Fanny Vincent : De mon côté, je suis assez sceptique sur la possibilité de cette alliance, pour les mêmes raisons qui ont été évoquées. Sur mon terrain plus particulièrement, chez les élu·es, chez les habitant·es mobilisé·es, je n’ai pas l’impression que ce soit un horizon envisagé ou souhaité. Ca peut paraître caricatural mais ce qui prime, c’est au contraire cette distinction d’avec “la ville”, surtout quand elle est populaire comme Saint-Etienne, qui est entretenue, déplorée et en même temps revendiquée : pour elles et eux, ce qu’ils et elles vivent ici n’a rien à voir avec ce qui peut être vécu dans les territoires urbains, même les territoires qui sont marginalisés et où le sentiment d’abandon de l’Etat est lui aussi très fort. Ce qui ressort beaucoup, c’est la matérialité du territoire et la façon dont il marque des styles de vie qu’en ville, ailleurs, on ne peut pas comprendre, car “on n’est pas d’ici”. En gros, avant de s’allier aux tours, ce qui compte dans les petits bourgs où j’enquête, c’est d’abord de faire reconnaître son territoire et ses conditions de vie à ceux “d’en haut”. C’est un peu sur cette corde que joue François Ruffin en insistant sur cette opposition “en haut/en bas”, et en oubliant qu’il y a aussi des oppositions à l’intérieur de ces territoires populaires des bourgs et des tours, qui ont été rappelées avant.
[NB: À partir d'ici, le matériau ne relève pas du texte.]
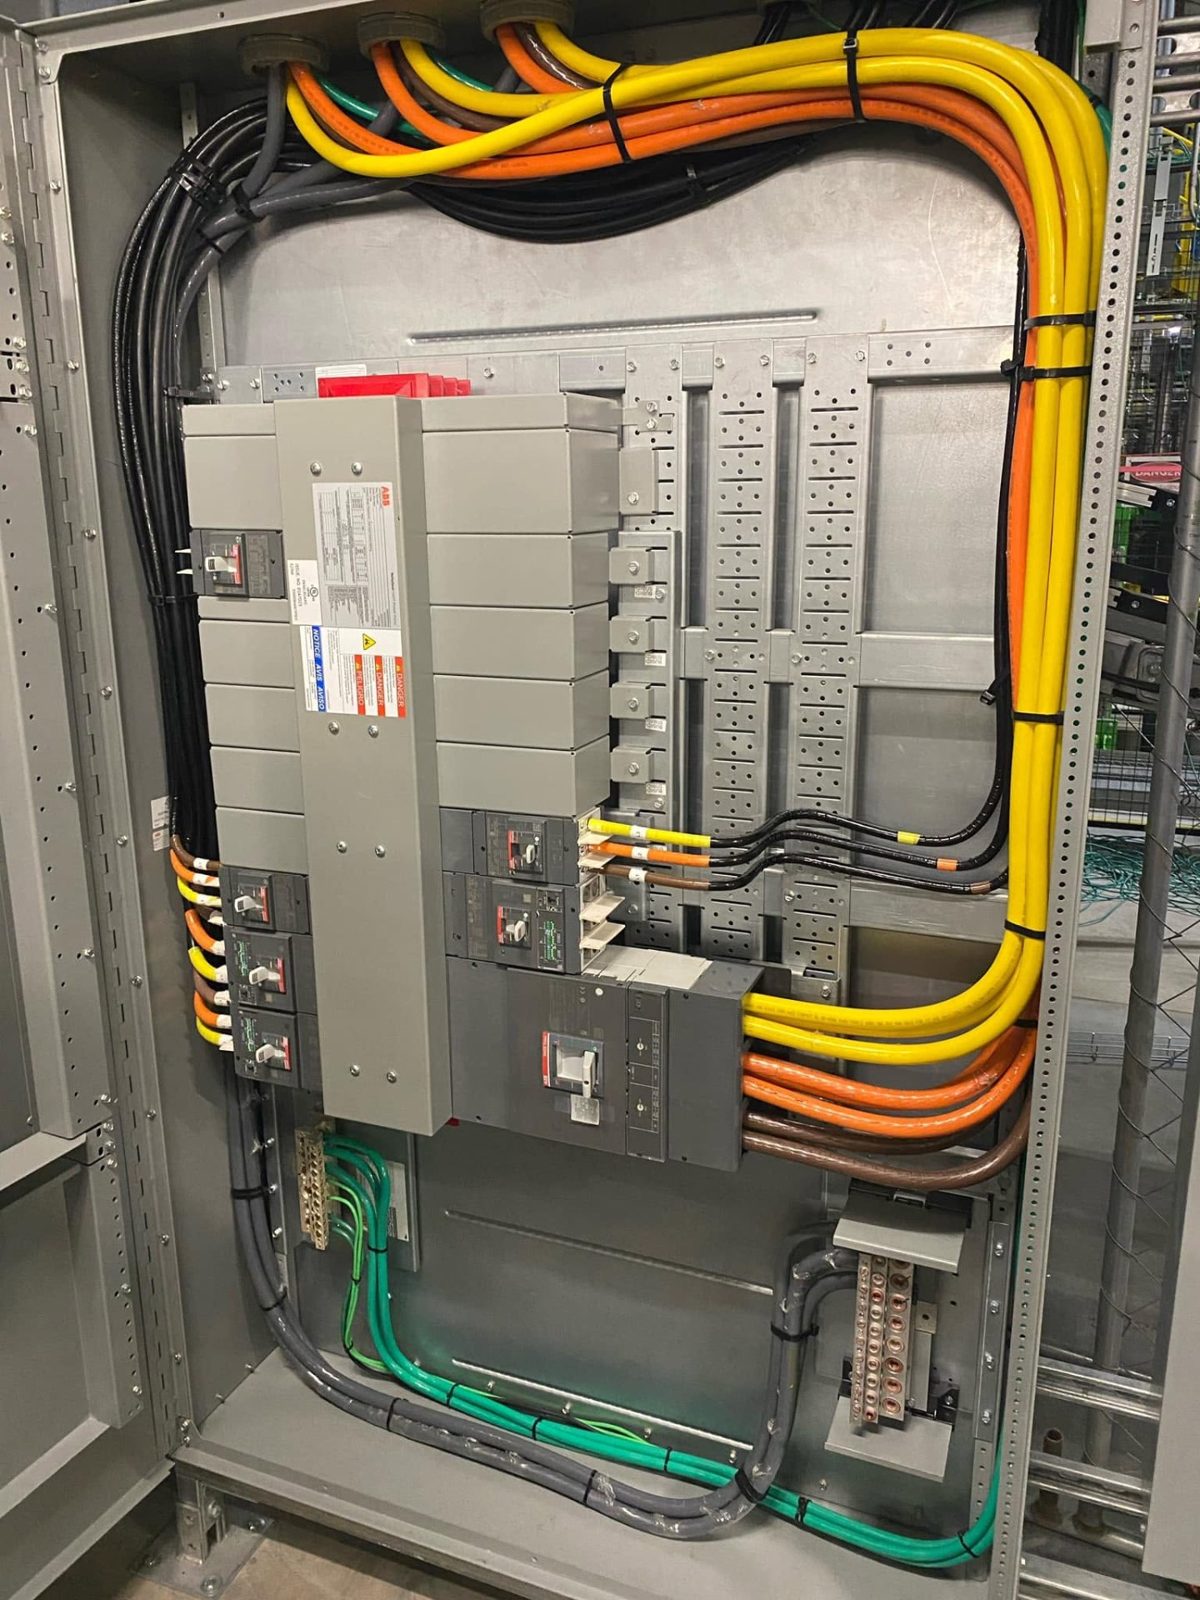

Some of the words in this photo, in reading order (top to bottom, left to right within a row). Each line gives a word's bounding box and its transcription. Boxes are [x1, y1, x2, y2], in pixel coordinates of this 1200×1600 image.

[381, 486, 390, 506] ABB
[313, 629, 321, 658] NOTICE
[315, 664, 323, 681] AVIS
[396, 673, 404, 707] DANGER
Si je pense à la très forte proportion de vote RN sur mon territoire d’enquête et au fait que de nombreux·ses habitant·es sont justement venu·es s’installer ici pour quitter Saint-Etienne où ils et elles considèrent qu’il y a trop d’immigré·es, je vois peu comment cette alliance, qui est assez désincarnée, peut advenir.

 

[1] Cf. Amélie Beaumont, Raphael Challier, Guillaume Lejeune, “En bas à droite. Travail, visions du monde et prises de position politiques dans le quart en bas à droite de l’espace social”, Politix, 122(2), 2018

[2] Benoît Coquard et Clara Deville, «Vous avez dit “sentiment d’abandon”», Le Monde diplomatique, juillet 2024

[3] Julia Cagé, Thomas Piketty, Une histoire du conflit politique. Elections et inégalités sociales en France, 1789-2022, Le Seuil, 2023

[4] Félicien Faury, Des électeurs ordinaires. Enquête sur la normalisation de l’extrême-droite, Paris, Le Seuil, 2024

[5] Pierre Bourdieu , “Une classe objet”, Actes de la recherche en sciences sociales, 17-18, 1977

[6] Raphaël Challier, Simples militants. Comment les partis démobilisent les classes populaires, Paris : PUF, 2021.